Раиса Павловна, естественно, отвечала с не меньшим остроумием:
— Говорил он! Это когда ты говорил-то, старый кукиш? А ну вспомни⁈ Память как у кенгуру!..
Ну и так далее.
Вот удивительное дело. Похоже, что у Раисы Павловны дома хранится одна-единственная книжка: «Животный мир Австралии», откуда она и черпает познания о том, что находится за пределами повседневного опыта. А потом делится познанным…
Ну да ладно! Купорос, конечно, нашелся, Николай Савельевич угомонился. Потом куда-то отчалил по своим делам, а вернулся, когда у нас случился перекур. То есть Саша курил, а я за компанию сидел рядом, и мы с крайним глубокомыслием толковали о загадках мироздания. Вспомнили вновь Пермскую зону, хотя Саша ничего не смог прибавить к тому, что уже рассказал мне. И мы обратно перелопатили языками то же самое. Я упомянул Бермудский треугольник. «Слыхал, — значительно кивнул Саша, — читал…» Поговорили и об этом. Я подумал — а стоит ли рассказать про исчезнувшую в Саргассовом море восемь лет назад субмарину?.. Решил, что не надо.
В этот момент и появился Савельич.
— Что, гардемарины! — заорал он, внезапно возникнув из-за угла склада. — Дымим⁈ Коптим небо?
— Законная передышка, Николай Савельевич, — солидно ответил я.
Завсклад, впрочем, вовсе не сердился. А орал так просто, от задорного характера. И я вмиг угадал, что настроение у него хорошее. Чем и не преминул воспользоваться.
— Николай Савельевич, имею просьбу.
— То есть? — насторожился он.
Тщательно подбирая слова, я постарался четко, по-военному изложить просьбу: отлучиться примерно на час.
— Куда?
— По личному делу.
— Ну ты даешь, Родионов! Все у тебя какие-то тайны железной двери… А работать кто будет? Пушкин? Грибоедов?
— Их беспокоить не станем, — парировал я. — Сегодня отработаю без обеда.
— Эх, — комически вздохнул Саша, — придется мне обедать в одиночестве… Николай Савельич! Есть мнение — отпустить.

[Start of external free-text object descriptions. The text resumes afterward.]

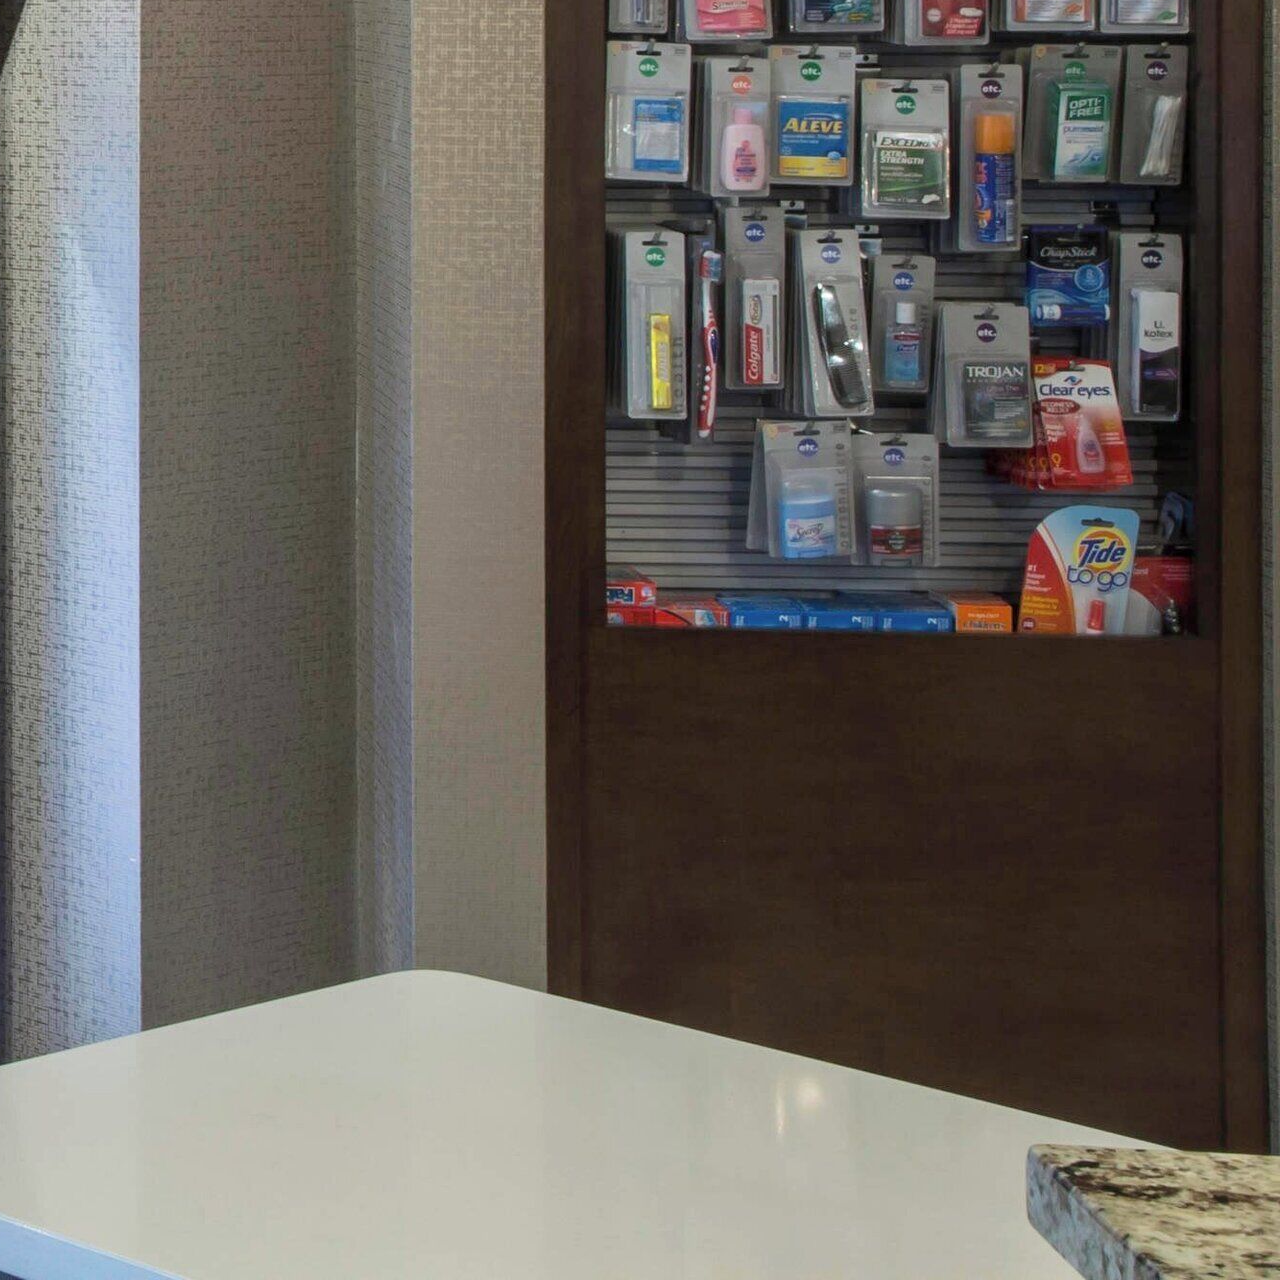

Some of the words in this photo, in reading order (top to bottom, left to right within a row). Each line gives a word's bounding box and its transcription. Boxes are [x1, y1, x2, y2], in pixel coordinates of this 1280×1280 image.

[1068, 107, 1103, 119] FREE
[783, 117, 843, 134] ALEVE
[747, 329, 760, 380] Colgate
[966, 365, 1025, 379] TROJAN
[1040, 384, 1075, 396] Clear
[1077, 385, 1112, 400] eyes
[1077, 538, 1128, 568] Tide
[1066, 565, 1094, 585] to
[1096, 570, 1129, 593] go
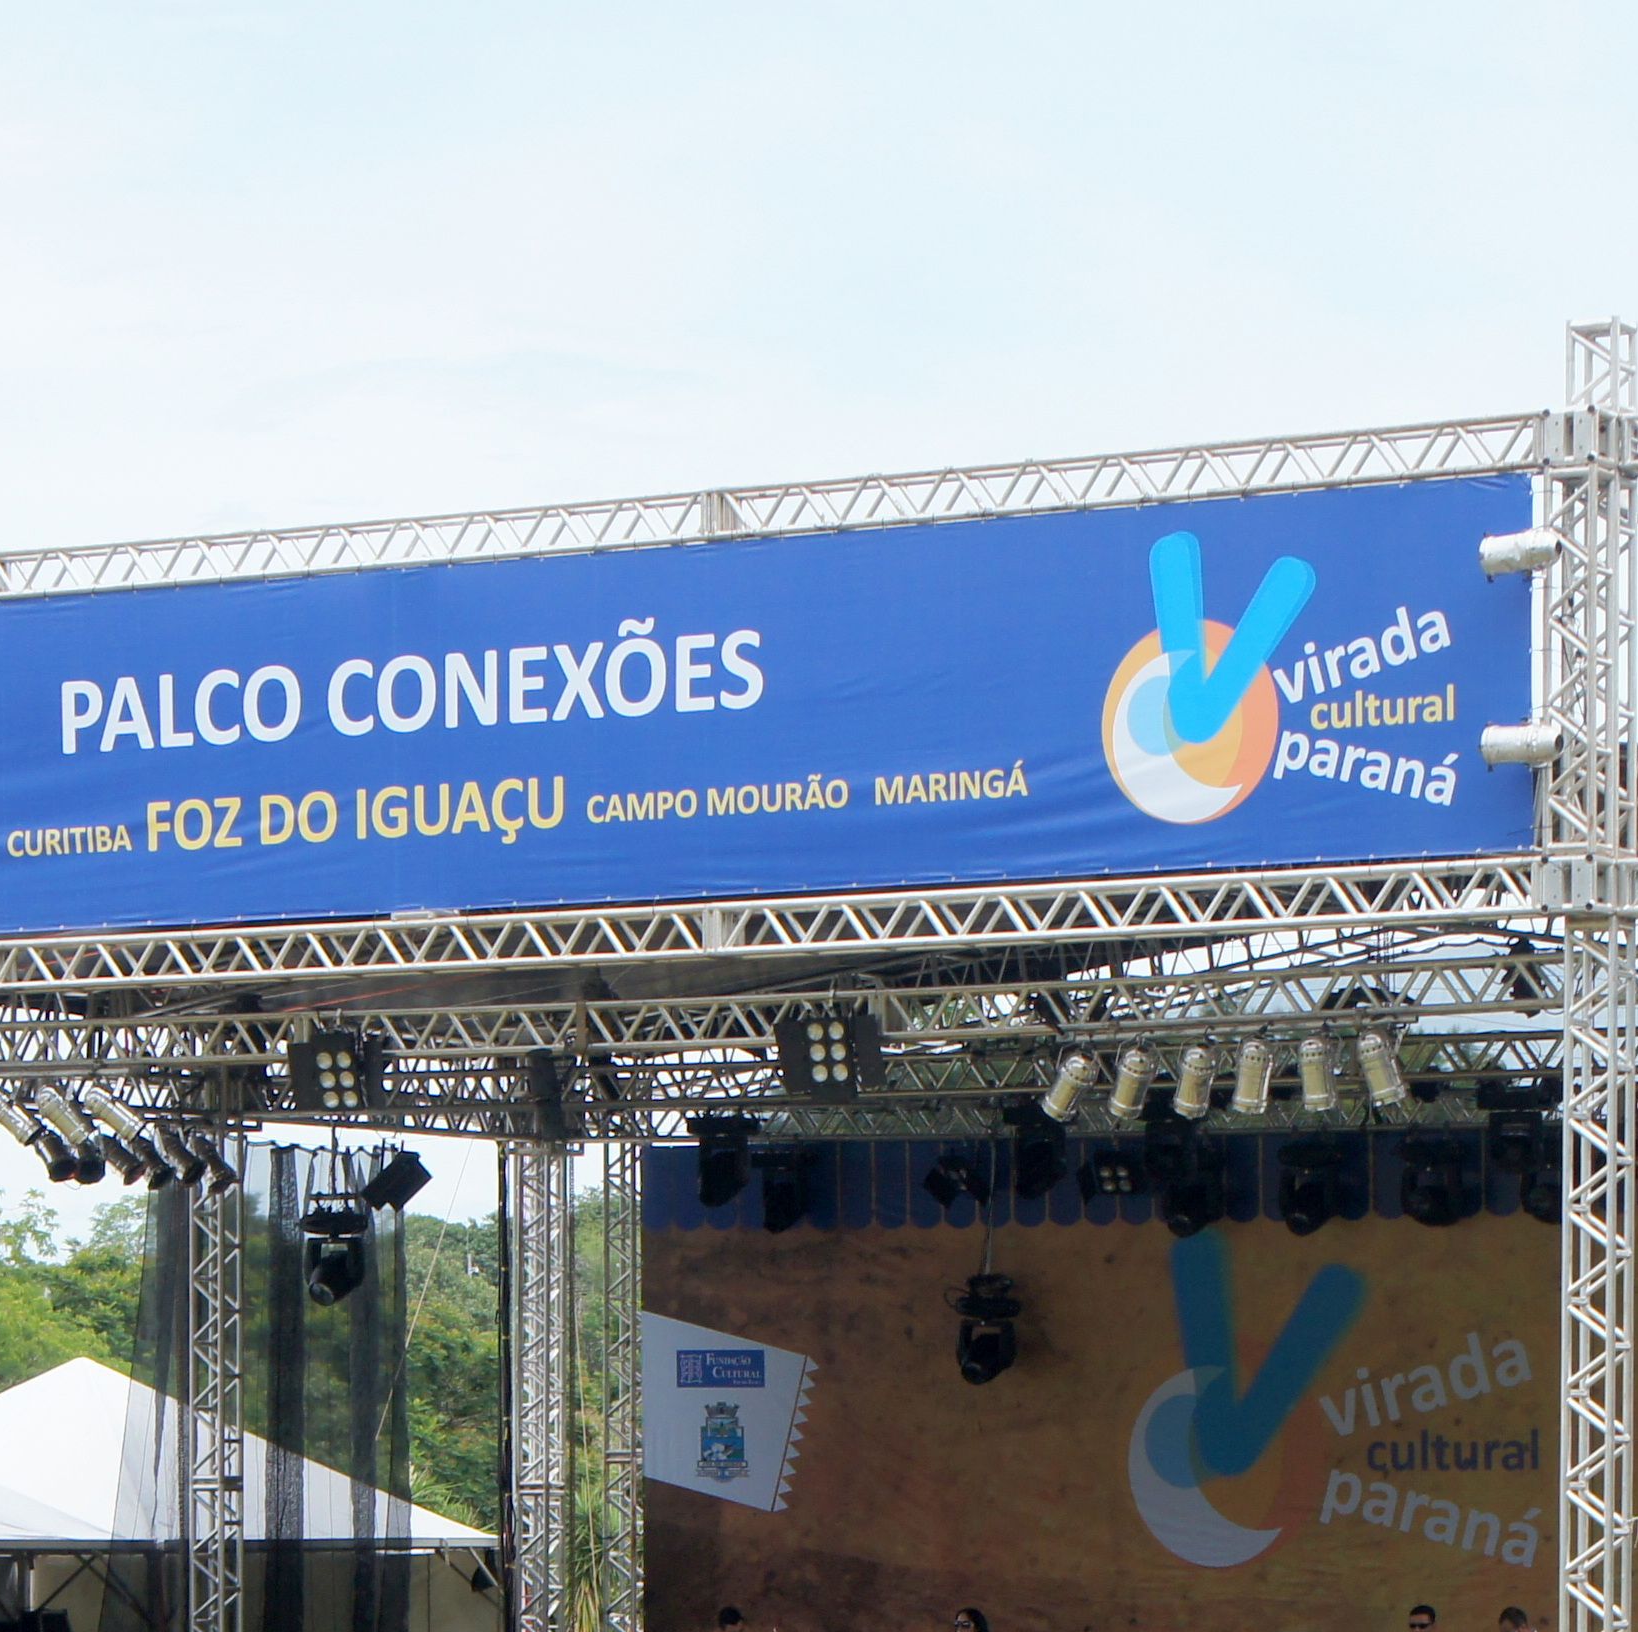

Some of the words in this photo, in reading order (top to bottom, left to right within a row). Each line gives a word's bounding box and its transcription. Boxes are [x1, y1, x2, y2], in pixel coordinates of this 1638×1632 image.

[61, 665, 302, 755] PALCO
[327, 616, 765, 737] CONEXÕES
[1272, 605, 1452, 704] virada
[1310, 682, 1455, 731] cultural
[6, 823, 134, 858] CURITIBA
[146, 796, 244, 853] FOZ
[259, 790, 340, 846] DO
[355, 775, 567, 845] IGUAÇU
[586, 788, 700, 824] CAMPO
[706, 773, 851, 817] MOURÃO
[874, 759, 1030, 806] MARINGÁ
[1272, 730, 1459, 807] paraná
[1320, 1332, 1532, 1436] virada
[1367, 1428, 1540, 1472] cultural
[1319, 1469, 1542, 1568] paraná
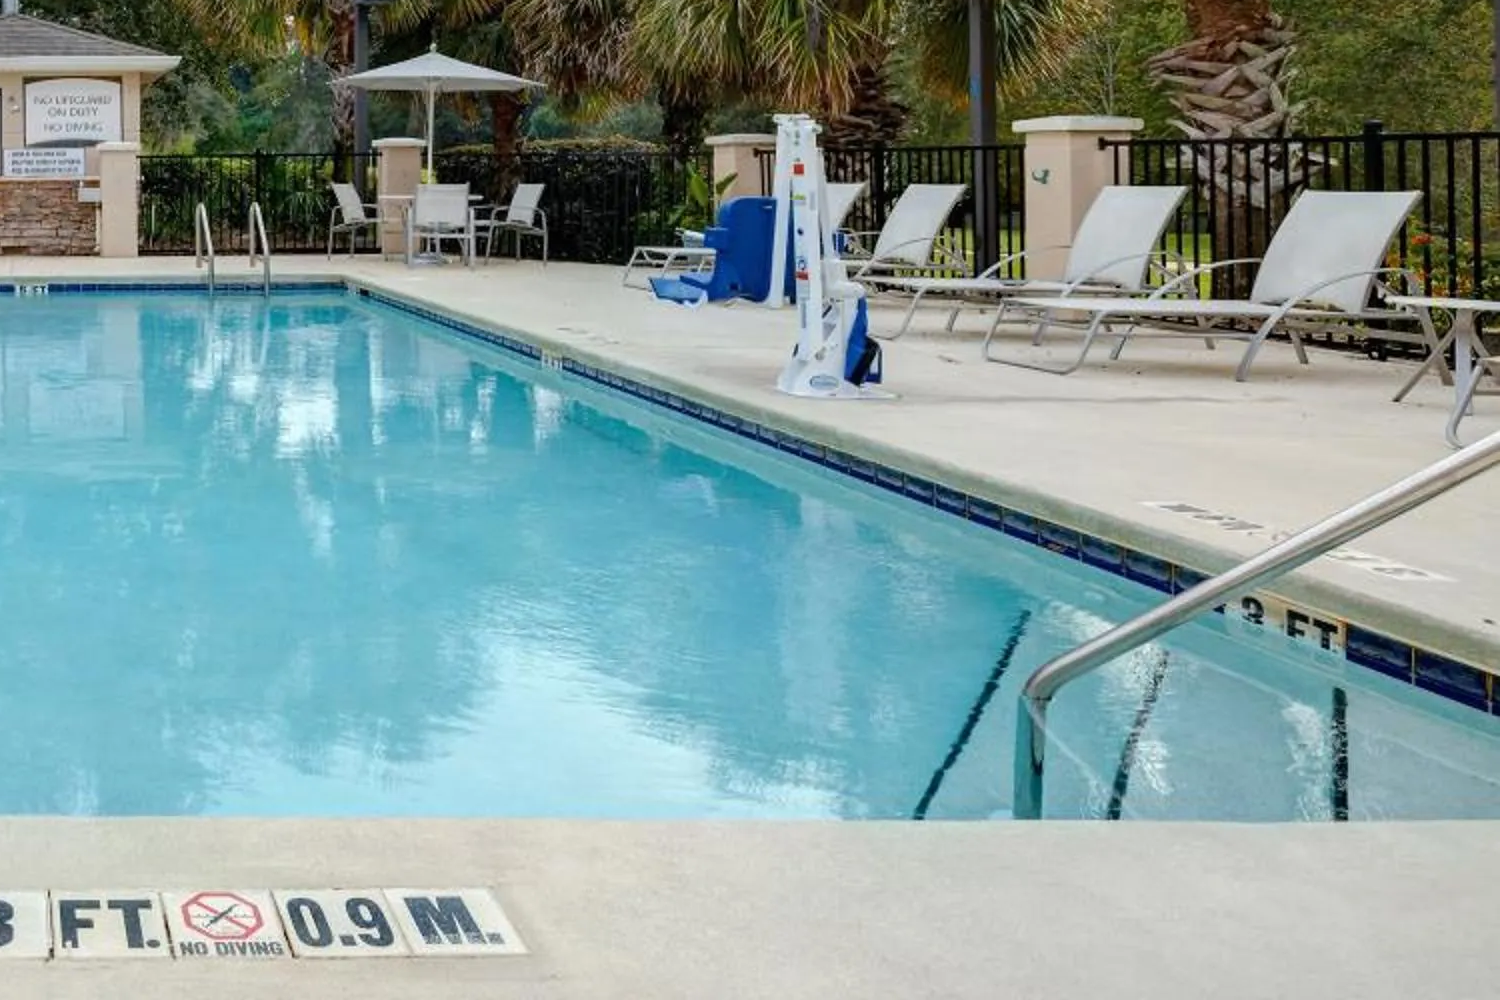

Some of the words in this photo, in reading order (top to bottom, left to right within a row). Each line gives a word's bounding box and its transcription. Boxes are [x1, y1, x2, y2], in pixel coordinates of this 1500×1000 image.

[34, 96, 53, 105] NO
[47, 107, 67, 117] ON
[69, 107, 99, 117] DUTY
[58, 899, 160, 949] FT.
[287, 896, 394, 948] 0.9
[403, 895, 506, 945] M.
[179, 942, 208, 956] NO
[215, 941, 284, 957] DIVING
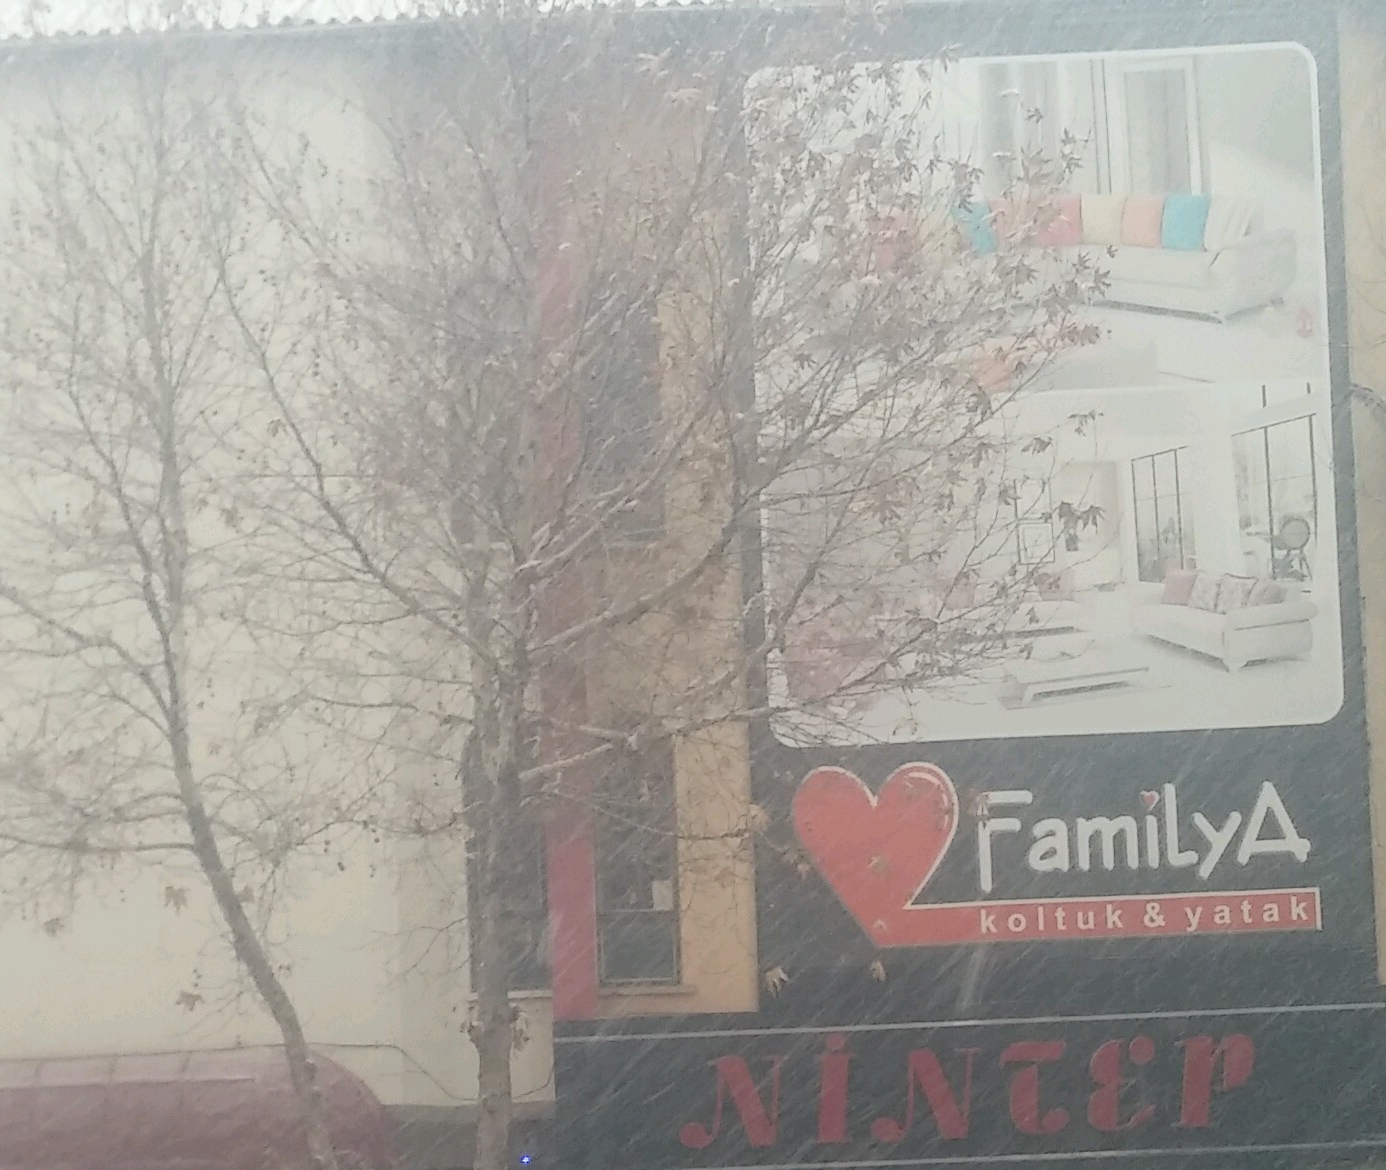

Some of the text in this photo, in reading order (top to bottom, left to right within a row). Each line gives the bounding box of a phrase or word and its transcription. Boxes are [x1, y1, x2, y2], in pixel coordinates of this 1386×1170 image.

[979, 895, 1309, 933] koltuk & yatak

— Ну-ну! Мнение свое, Лаврентьев, прибереги для сортира. Там, может, пригодится. А здесь мнение одно. То есть мое.
Тут он задумался.
Я безошибочно догадался, что он уже решился. При всем сварливом сквернословии, Савельич был человеком мягким, беззлобным. И не мог отказать тем, к кому хорошо относился. А ко мне уж он точно относился хорошо.
— Ладно, — наконец, произнес он. — Значит, в обед будешь работать?
— Без вопросов!
— Ну, черт с тобой тогда! Давай. Через час чтобы на месте был.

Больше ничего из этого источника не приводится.